> [Problem details]: Set down exactly the lines running from the line with "this 2481×1484 image." to the end of the listing below, both ends included.

> [Material provided]:
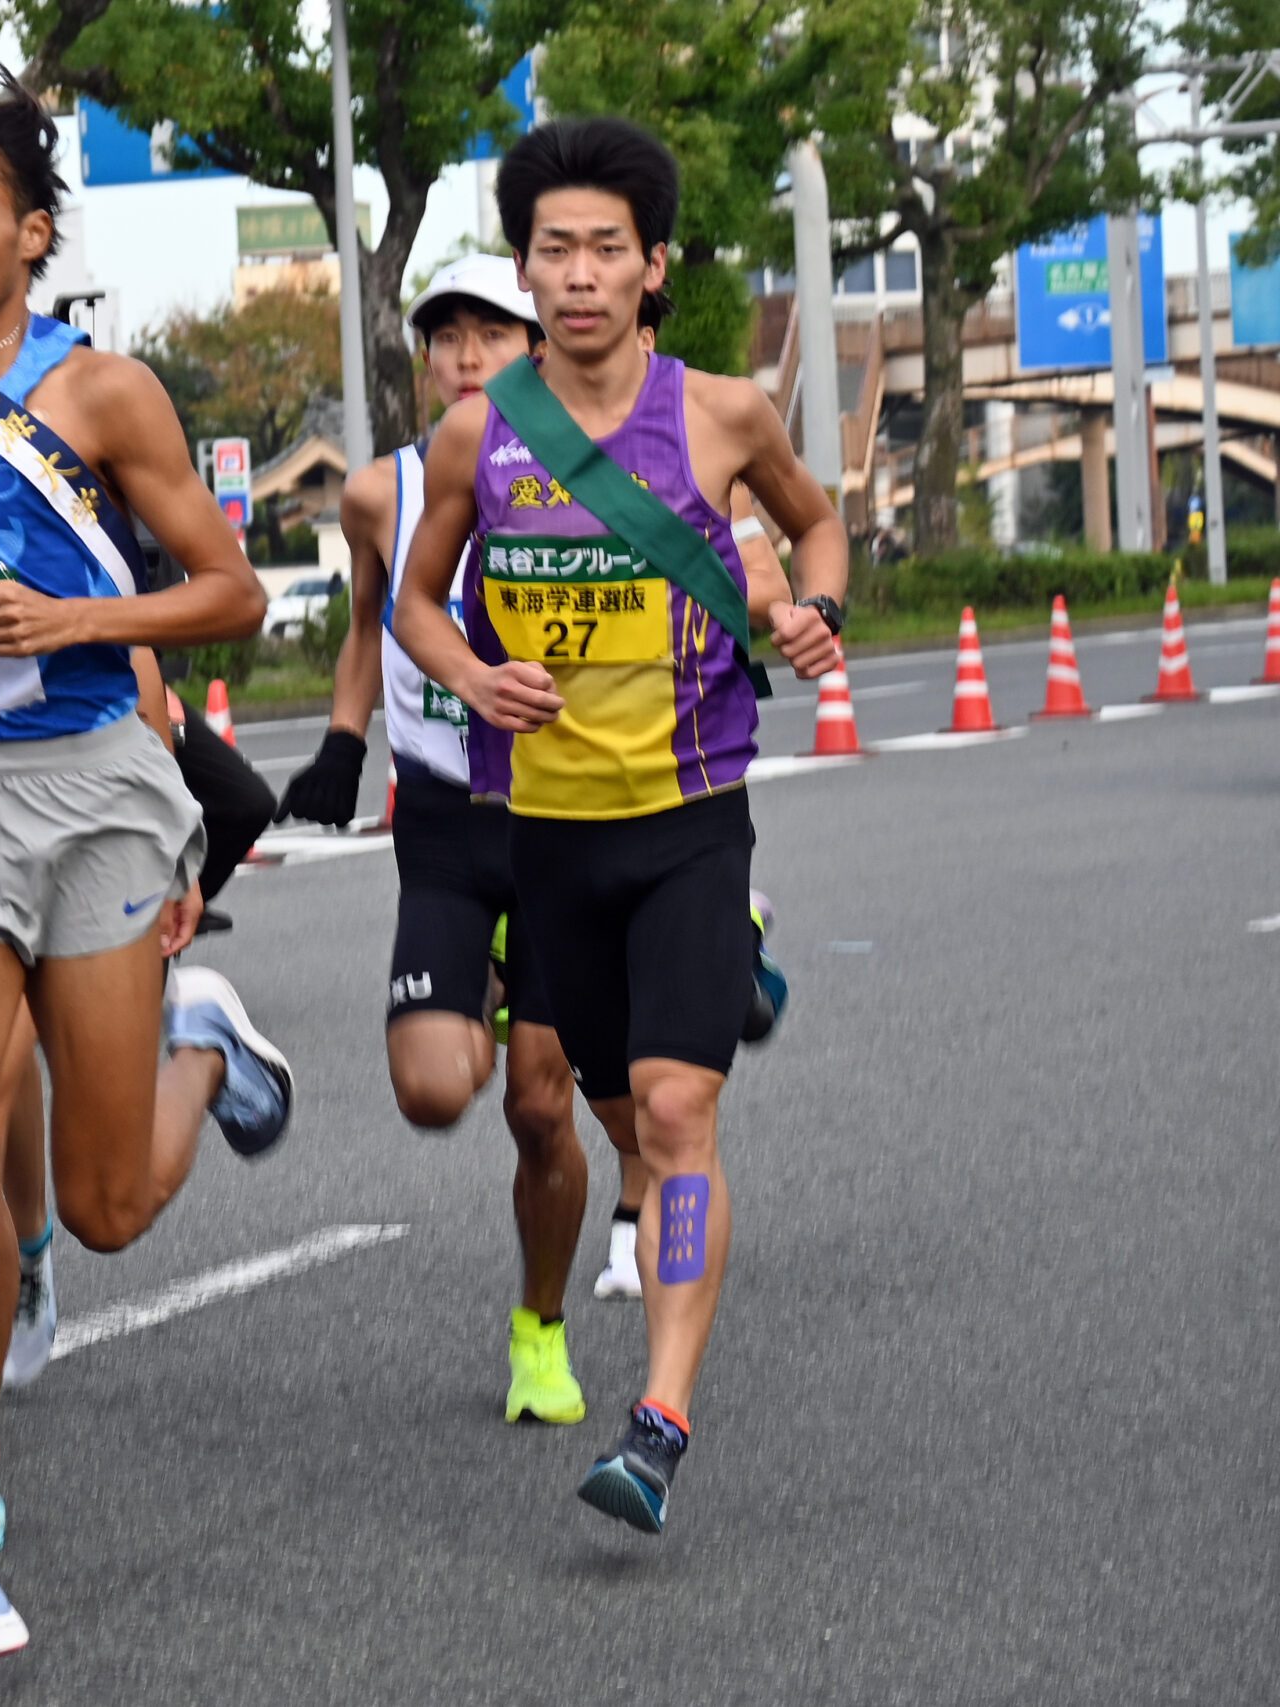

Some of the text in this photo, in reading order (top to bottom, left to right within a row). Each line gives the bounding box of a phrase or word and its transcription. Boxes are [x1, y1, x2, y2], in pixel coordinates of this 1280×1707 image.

[499, 584, 646, 615] 東海学連選抜
[543, 620, 598, 658] 27
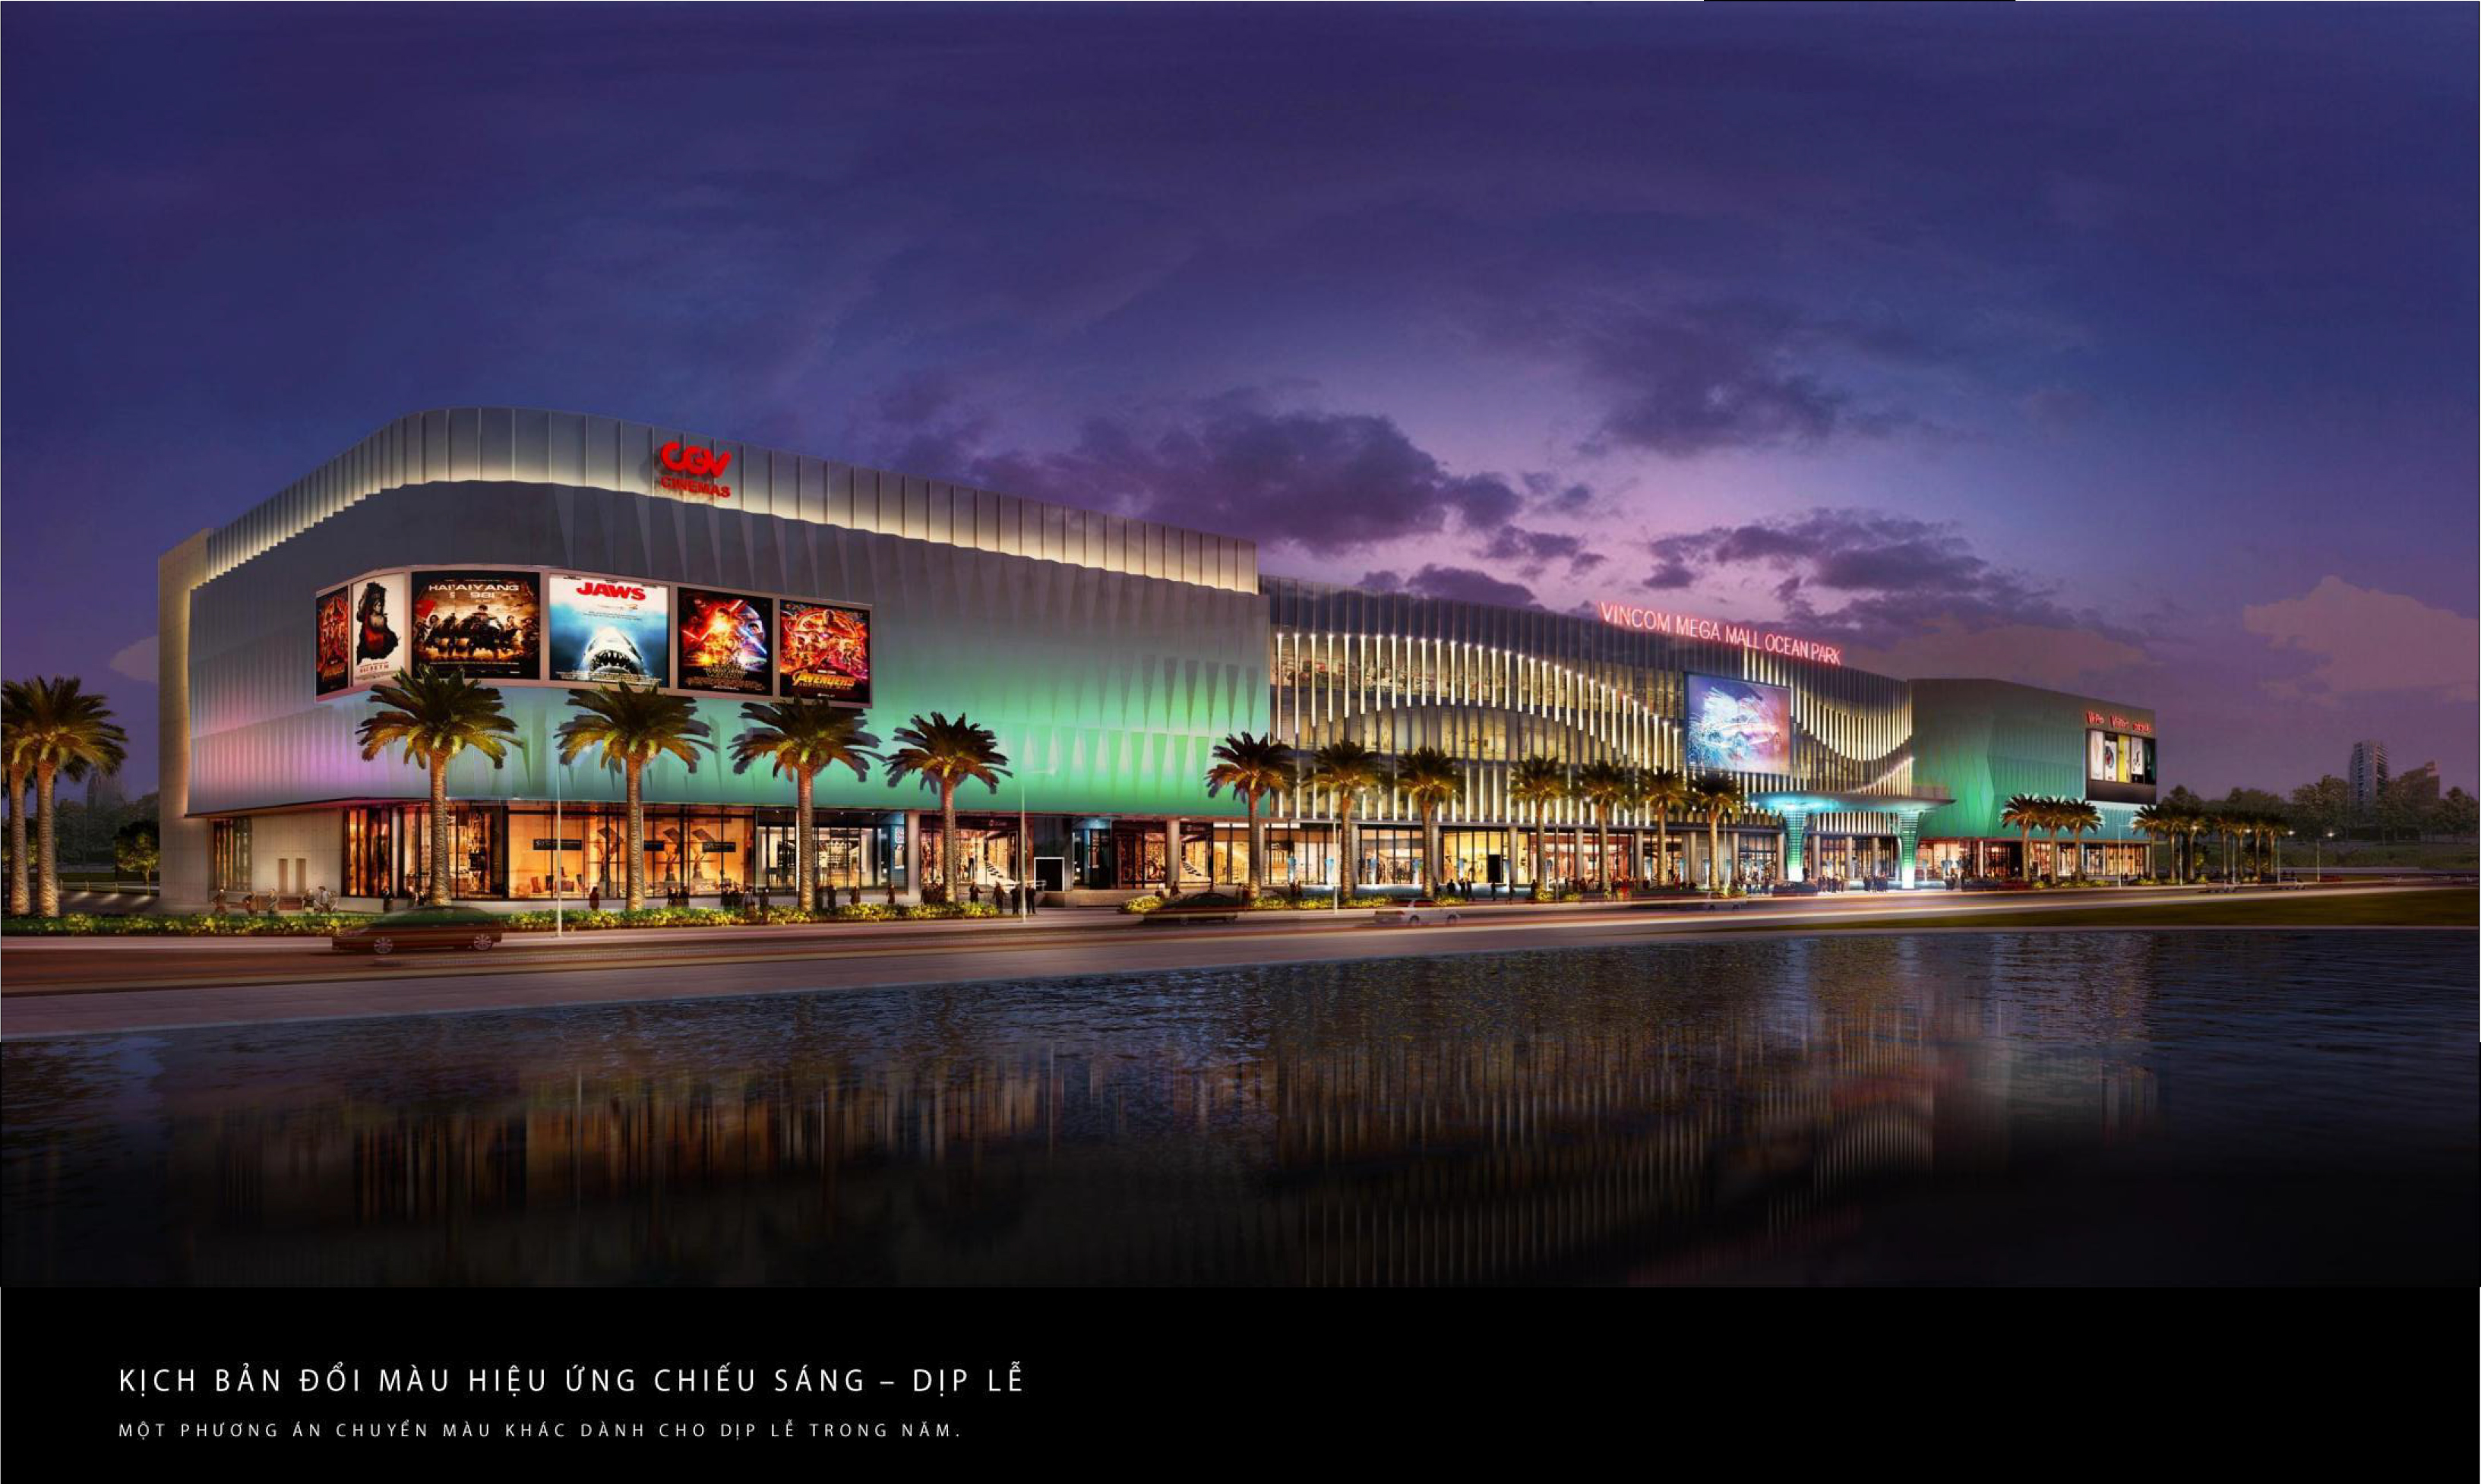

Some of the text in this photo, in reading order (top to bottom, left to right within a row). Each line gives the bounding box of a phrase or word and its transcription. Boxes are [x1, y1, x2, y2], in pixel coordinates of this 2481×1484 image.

[660, 441, 732, 478] CGV
[661, 476, 731, 498] CINEMAS
[576, 582, 646, 601] JAWS
[1598, 601, 1841, 666] VINCOM MEGA MALL OCEAN PARK

> [Completed task]:
Some of the text in this photo, in reading order (top to bottom, left to right within a row). Each line gives the bounding box of a phrase or word and its transcription. Boxes are [x1, y1, x2, y2], in pixel coordinates of this 2481×1484 image.

[660, 441, 732, 478] CGV
[661, 476, 731, 498] CINEMAS
[576, 582, 646, 601] JAWS
[1598, 601, 1841, 666] VINCOM MEGA MALL OCEAN PARK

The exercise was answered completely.